二人は視線を絡ませると、堪え切れずに吹き出した。
「世界を破滅させる大帝国をも滅ぼすケツか。いやあ、お前は理想的なファム・ファタールだ。悪い女め」
「そんな大層なもんじゃないわ。ただ、彼の心を掴んだだけ。騙してもいない」
「ああ、嘘をつかずに無垢な被害者を演じる手腕は、素晴らしい。その価値観を共有する者は少ないだろうがな」
「アンタが言う? ま、いいけど。
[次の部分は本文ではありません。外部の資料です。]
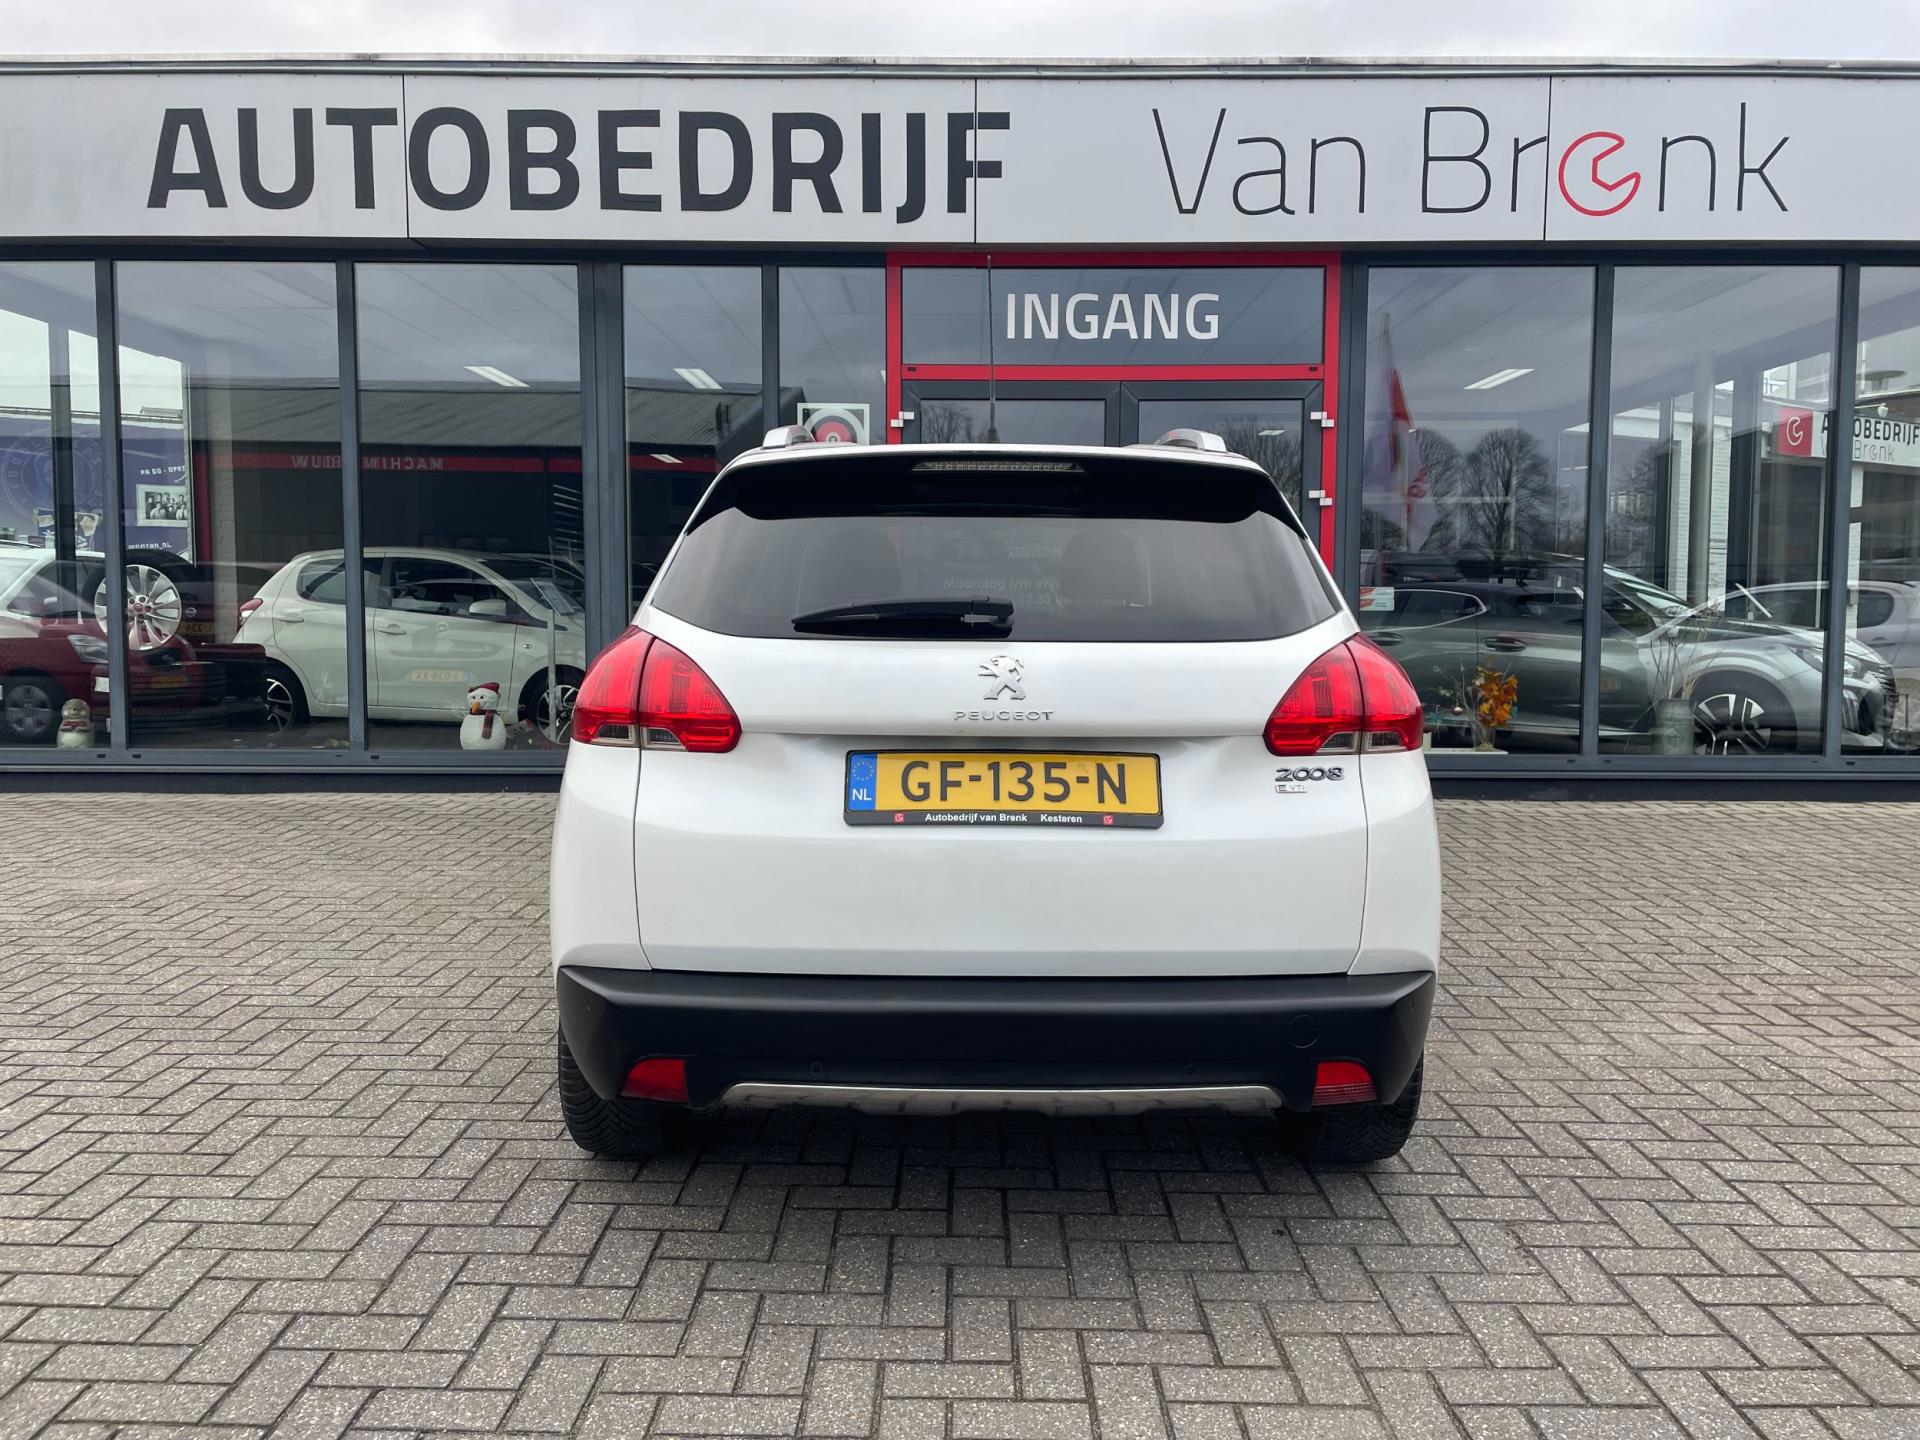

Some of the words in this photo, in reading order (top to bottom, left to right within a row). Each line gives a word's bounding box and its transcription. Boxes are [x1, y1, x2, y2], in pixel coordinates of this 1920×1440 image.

[148, 107, 1010, 224] AUTOBEDRIJF
[1152, 107, 1366, 216] Van
[1006, 292, 1220, 341] INGANG
[944, 577, 1006, 592] Maandag
[954, 710, 1054, 721] PEUGEOT
[1275, 766, 1345, 782] 2008
[852, 788, 872, 801] NL
[901, 760, 1127, 805] GF-135-N
[925, 813, 978, 823] Autobedrijf
[999, 813, 1028, 823] Brenk
[1040, 814, 1083, 824] Kesteren
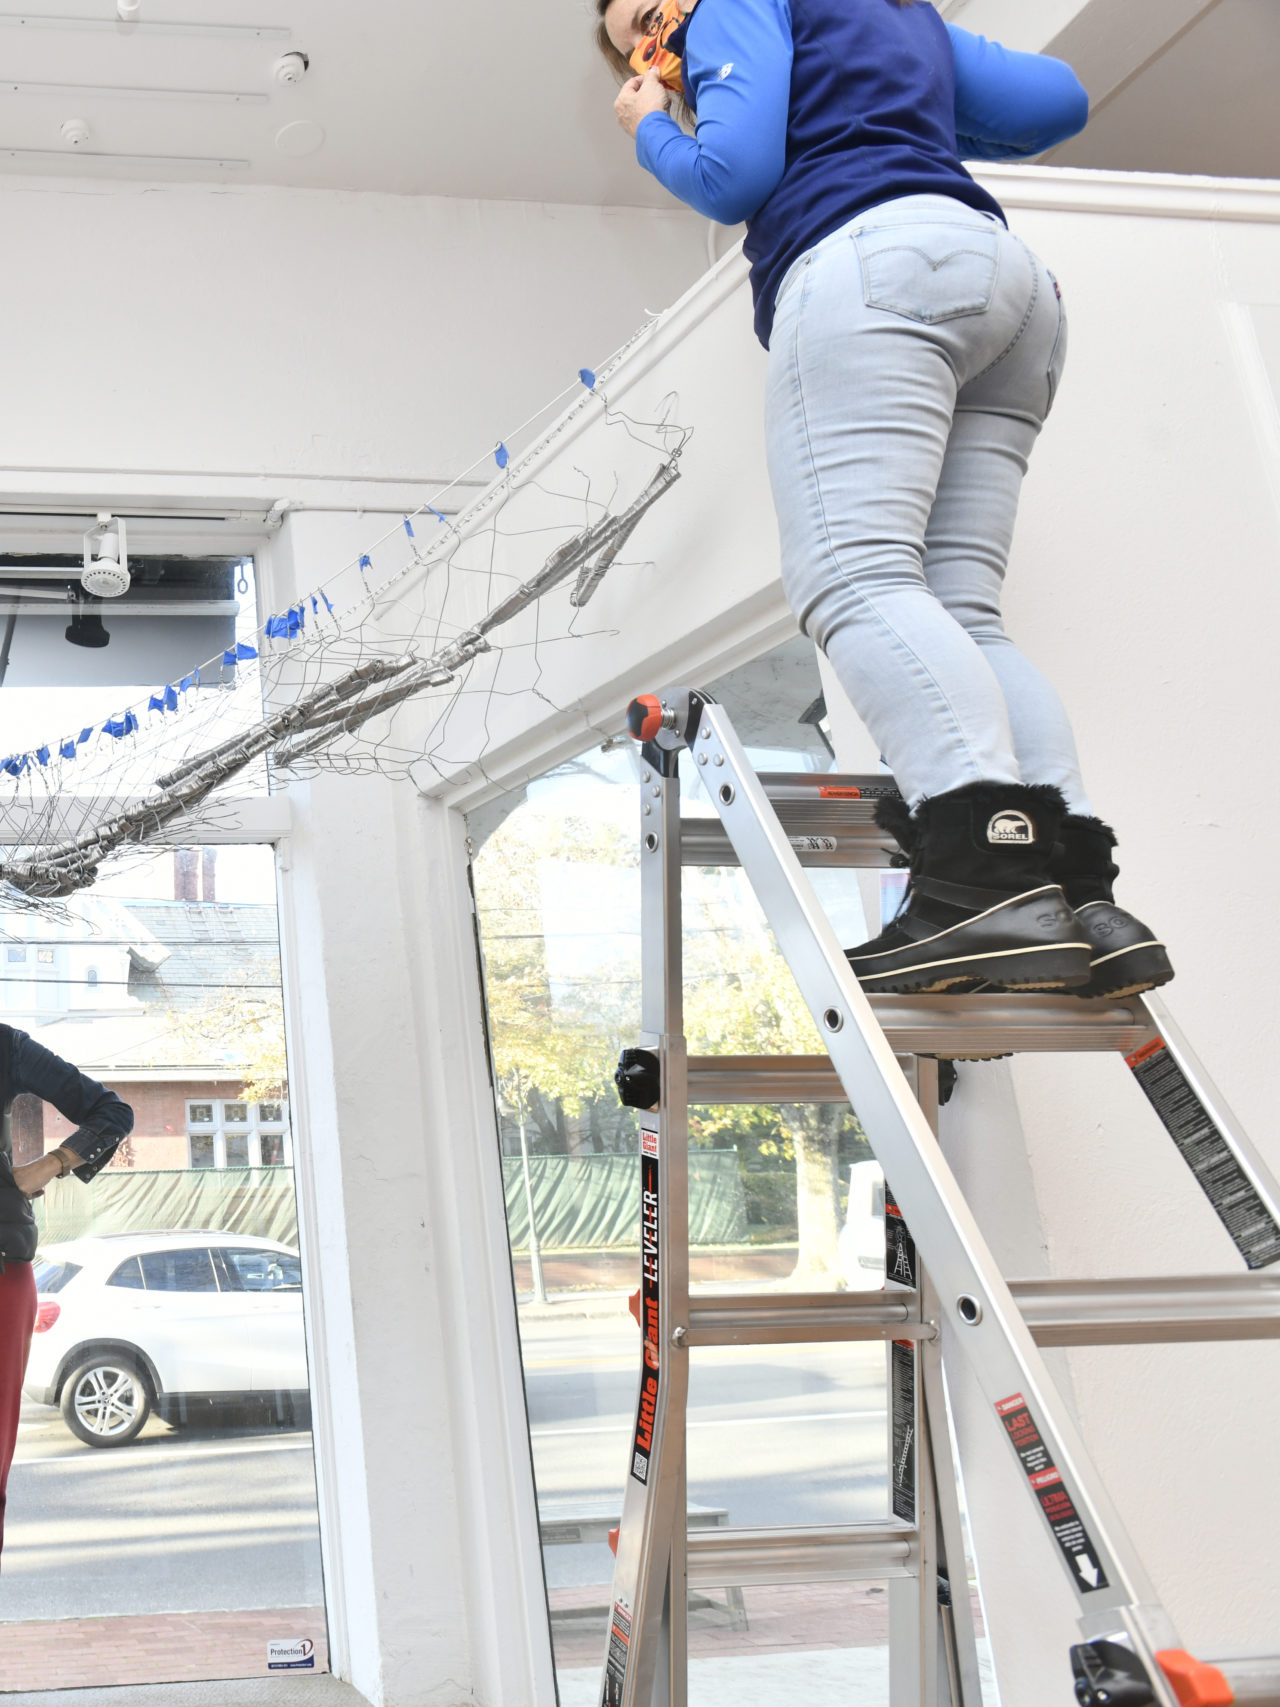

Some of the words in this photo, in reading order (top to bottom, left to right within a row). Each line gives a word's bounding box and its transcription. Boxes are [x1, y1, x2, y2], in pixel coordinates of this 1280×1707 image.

[642, 1131, 657, 1143] Little
[643, 1141, 657, 1153] Giant
[643, 1190, 658, 1283] LEVELER
[644, 1297, 659, 1371] Giant
[636, 1377, 658, 1451] Little
[1005, 1412, 1031, 1432] LAST
[270, 1648, 302, 1656] Protection
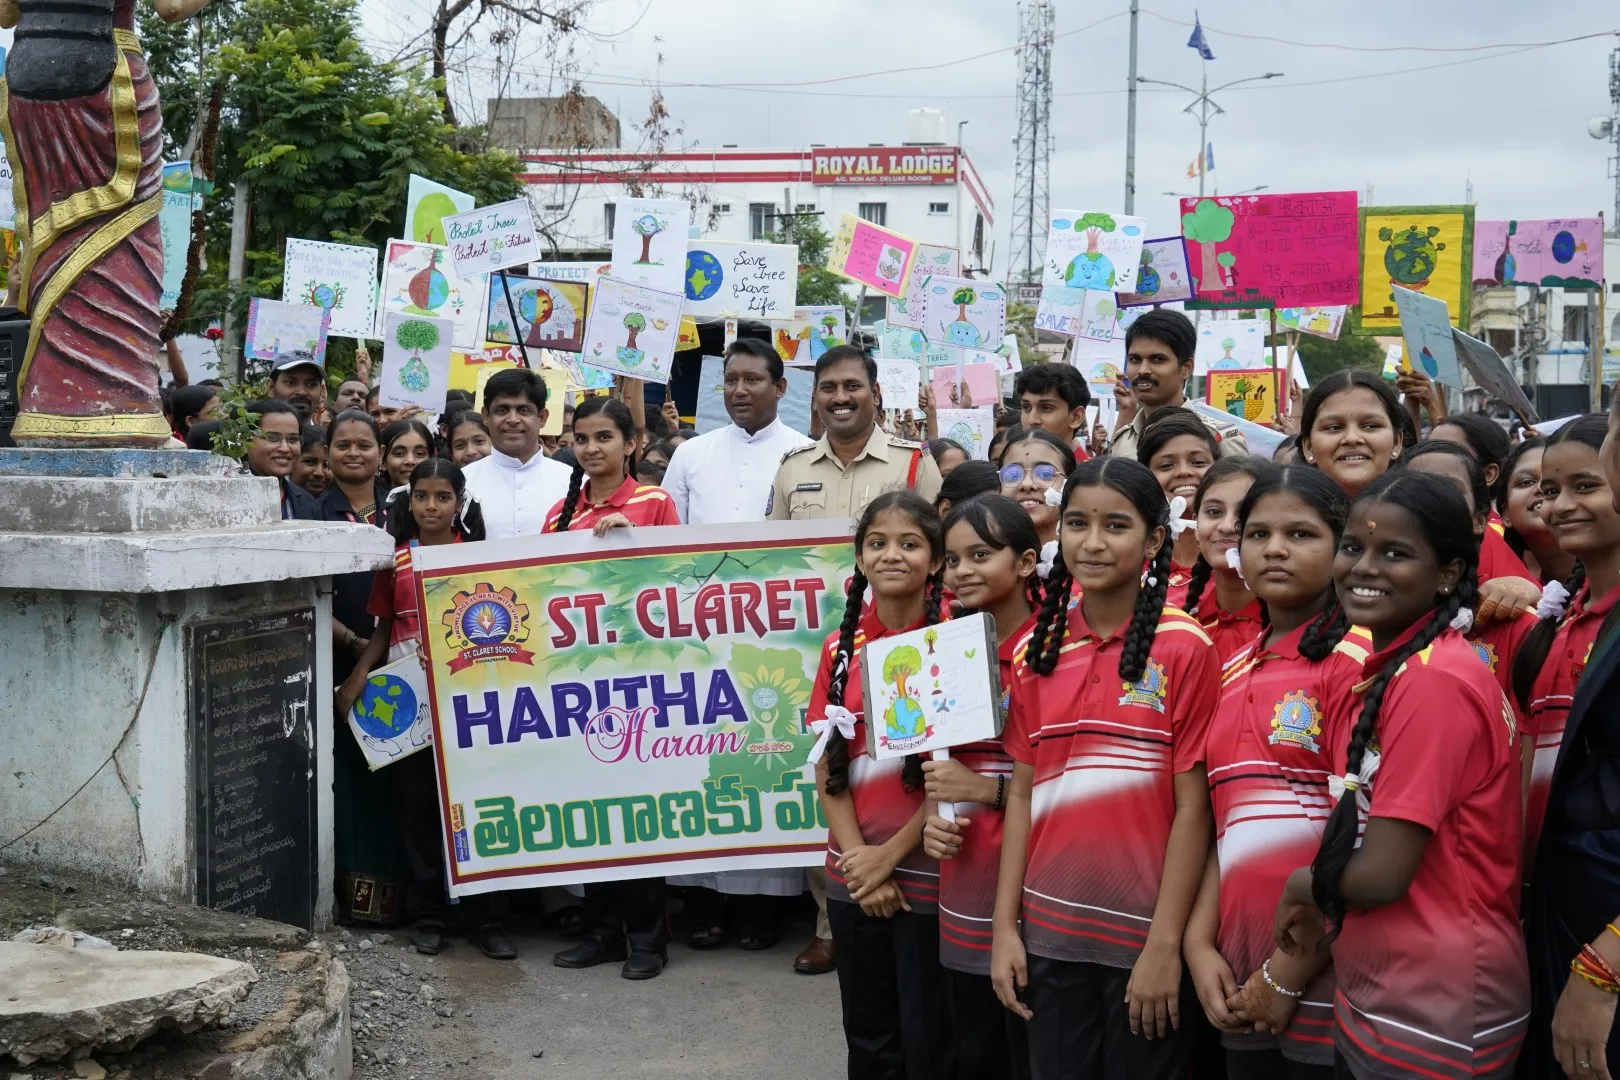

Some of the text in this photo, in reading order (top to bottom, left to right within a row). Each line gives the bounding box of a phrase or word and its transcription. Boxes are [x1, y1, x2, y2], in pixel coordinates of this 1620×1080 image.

[815, 154, 955, 175] ROYAL LODGE
[733, 251, 766, 271] Save
[537, 266, 589, 278] PROTECT
[753, 266, 785, 280] Tree
[732, 277, 769, 298] Save
[748, 297, 775, 316] Life
[1035, 312, 1070, 332] SAVE
[453, 601, 470, 640] KNOWLEDGE
[497, 595, 513, 609] WITH
[511, 608, 520, 633] VIRTUE
[550, 577, 826, 649] ST. CLARET
[472, 647, 494, 657] CLARET
[494, 646, 518, 655] SCHOOL
[451, 668, 749, 750] HARITHA
[585, 705, 747, 765] Haram
[473, 773, 763, 858] తెలంగాణకు
さて、帝国を打倒する英雄の次は、どんな男を導けばいいの?」
「中世からルネサンス期に似た文明を持つ世界に、魔王と呼ばれる『歪み』を観測した。次はそこだ」
「なるほど。魔王を討つ勇者ってわけね」
「暫くは身体を休めつつ、鍛えておけ。英雄が誰かはまだわからん。よって、どんな偽装で潜行するかも不明だ」
「ただの女は、神秘の魔法も身の丈を超える剣も扱えないもんね」
「より正確には『地球次元の脆弱な肉体は』だな」
「でも全ての世界に、英雄は居る。そしてその物語には、必ず巻き込まれる『女』が要る」
「そうだ。股を開いて血の花を咲かす、物語の『彩り』がな」
サクラコは背を向けた。世界の全てを、嘲笑いながら。
「では、私はそろそろ戻る。お前は自分の演じた虚像を、じっくり堪能してくれ」
そしてドアが、閉じる。
……そう。
自分はせいぜい、端役の女優。英雄にも、ヒロインにもなれはしない。シリーズの主演は、同じ舞台で踊り続けるさだめだから。
だがその女が、演出家を兼ねてはならない法はない。
英雄の慟哭を舌の上で転がしながら、ソーリャは微笑んだ。
(「さよなら。夢を叶えてね、愛しいひと……あたしは次の舞台に行くわ」)
己が演じたのは、この書の序盤で退場する、哀しくも鮮烈な女の偶像。
しかし後の英雄譚は、全てその女が産んだのだ。
悪くない。喉を焼く、蜜のような優越感。
いいお話の夢が見られそう。
文字通り世界を股に掛けながら、男の胸に己を焼き付ける夢を。
起きる時間が来たのなら、また……綴るとしよう。